Europe’s first permanent drag racing venue, Santa Pod hosts both the first and last round of the European Drag Racing Championship, along with the British championships.
An action-packed day, the typically dour British weather put paid to a potentially thrilling Drag Strip race during the first part of the morning, but a stunt fighting school was still on the agenda, to which our group of excitable bloggers were more than happy to participate in.

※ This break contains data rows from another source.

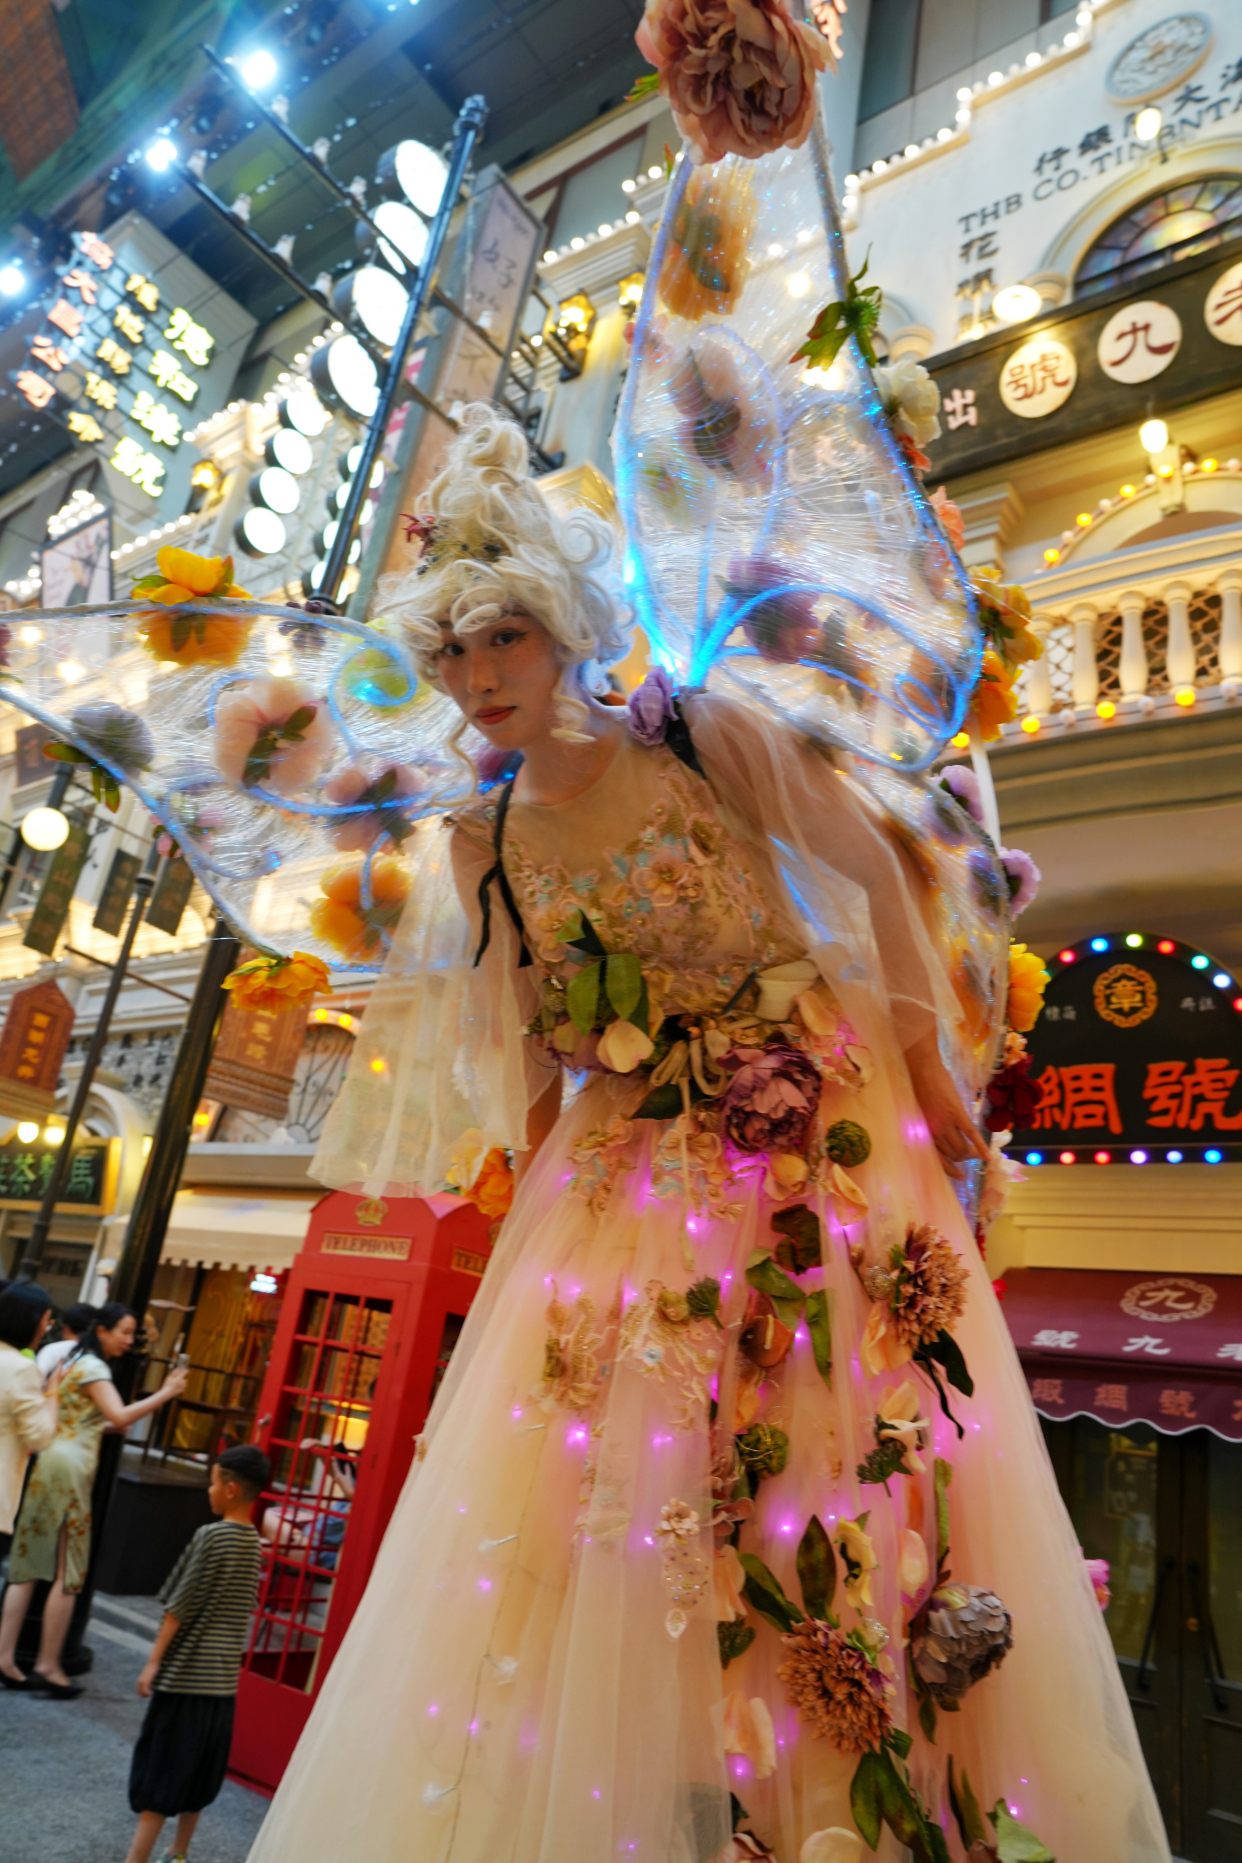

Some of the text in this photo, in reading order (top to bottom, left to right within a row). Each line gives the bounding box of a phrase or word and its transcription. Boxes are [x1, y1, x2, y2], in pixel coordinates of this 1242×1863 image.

[943, 387, 979, 430] 出
[324, 1235, 410, 1256] TELEPHONE
[1139, 1287, 1195, 1311] 九
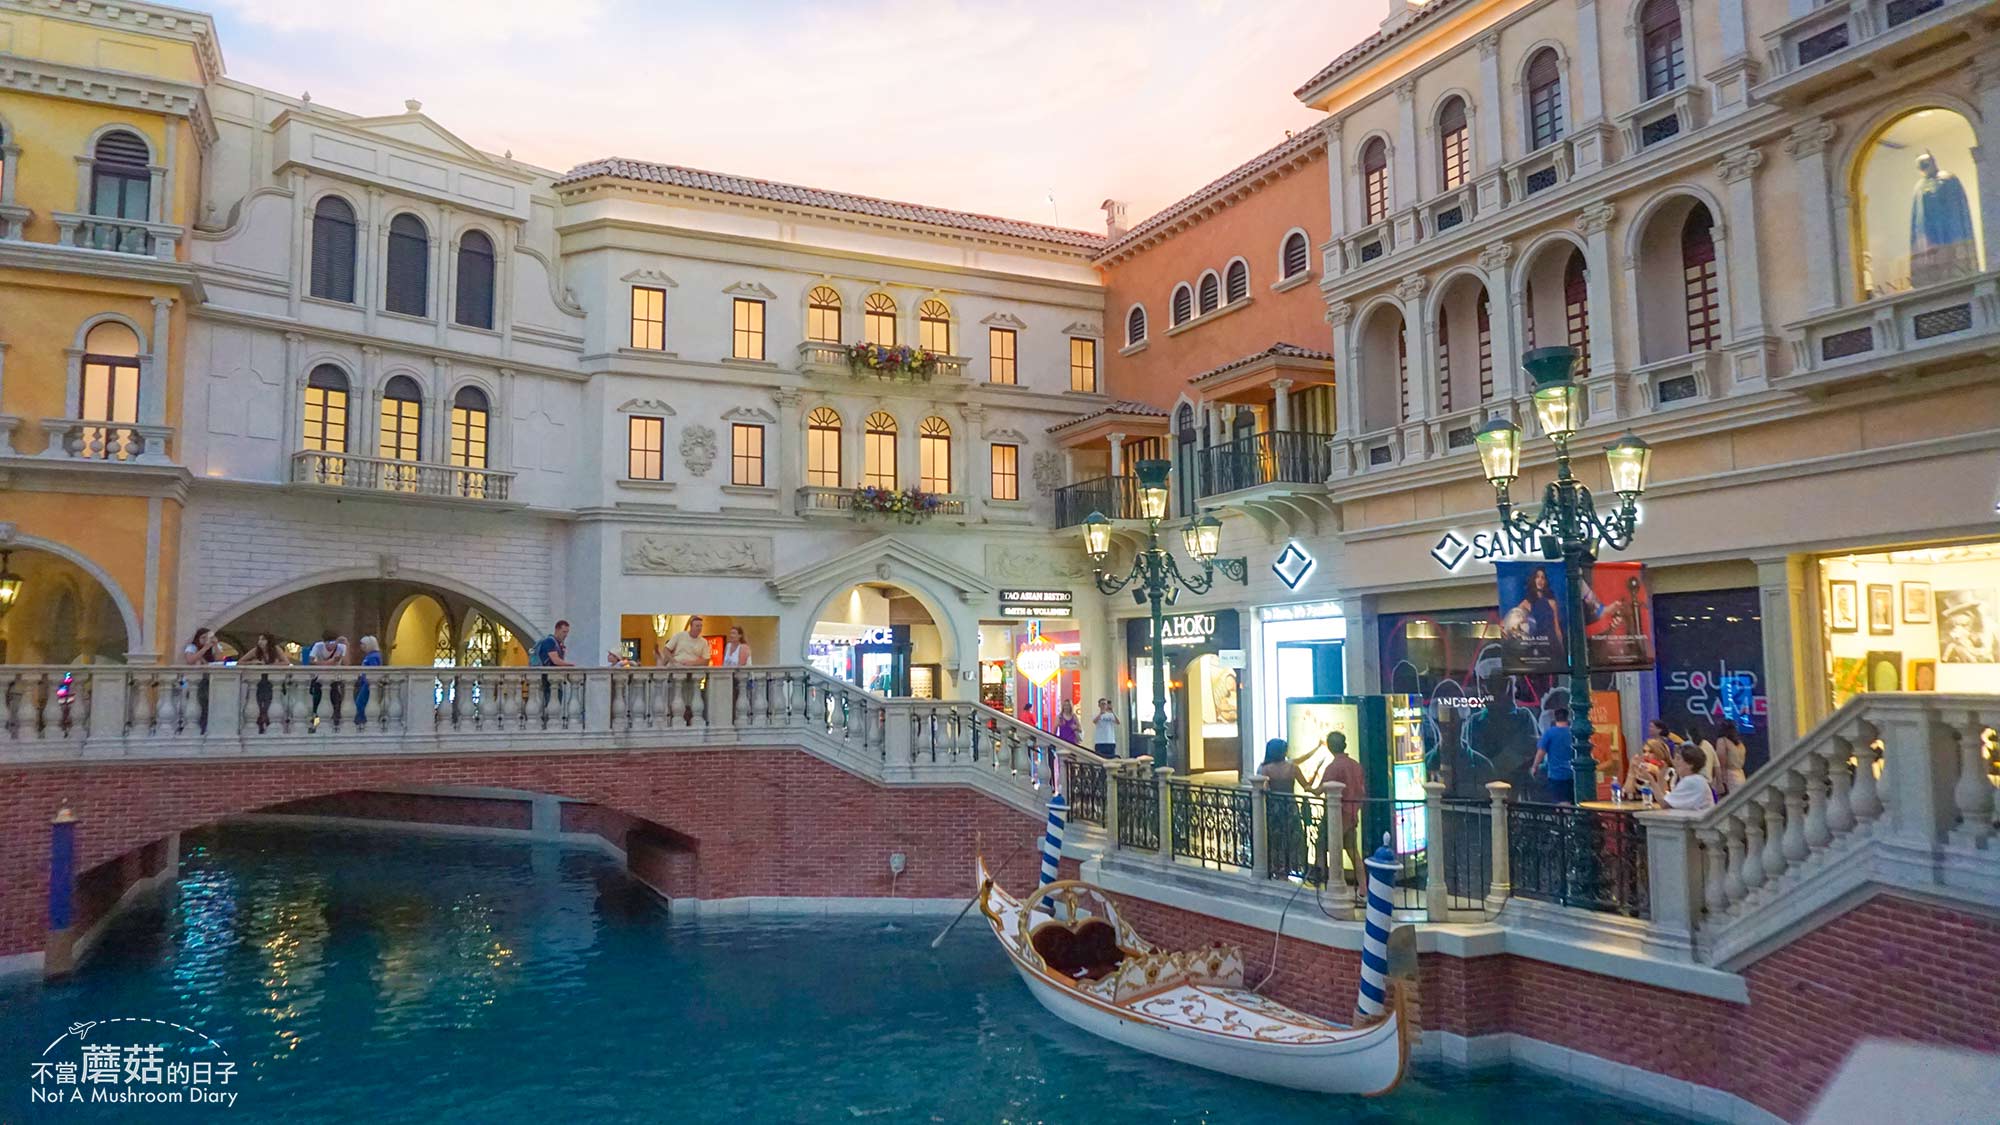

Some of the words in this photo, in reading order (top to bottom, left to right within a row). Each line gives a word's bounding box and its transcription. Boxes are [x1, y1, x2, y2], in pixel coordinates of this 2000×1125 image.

[1004, 592, 1019, 600] TAO
[1020, 592, 1042, 600] ASIAN
[1043, 592, 1071, 601] BISTRO
[1173, 614, 1216, 637] HOKU
[1664, 659, 1758, 691] SQUID
[1686, 695, 1768, 725] GAME

The class room session was delivered by two of the UK’s best-known stuntmen, Paul Heasman and Jason Hunjan. Smart gave us a brief guide and lesson in how to choreograph a fight scene, whilst Hunjan showed the group how to react on film to an explosion (readers of a nervous disposition may want to avert their eyes away from one particular image below). After class was dismissed we had an opportunity to have a quick chat with our two teachers.
Heasman is a 30-plus year veteran of the industry, who found himself donning a Stormtrooper outfit on the set of The Empire Strikes Back, during one of his earliest jobs.
“I was one of those (Stormtroopers) who had to put Harrison Ford into the carbon freeze chamber. None of us could see out of the costumes, so we didn’t know where to position him. On the first task the big chamber came down from above and hit him on the head, and he went mad!”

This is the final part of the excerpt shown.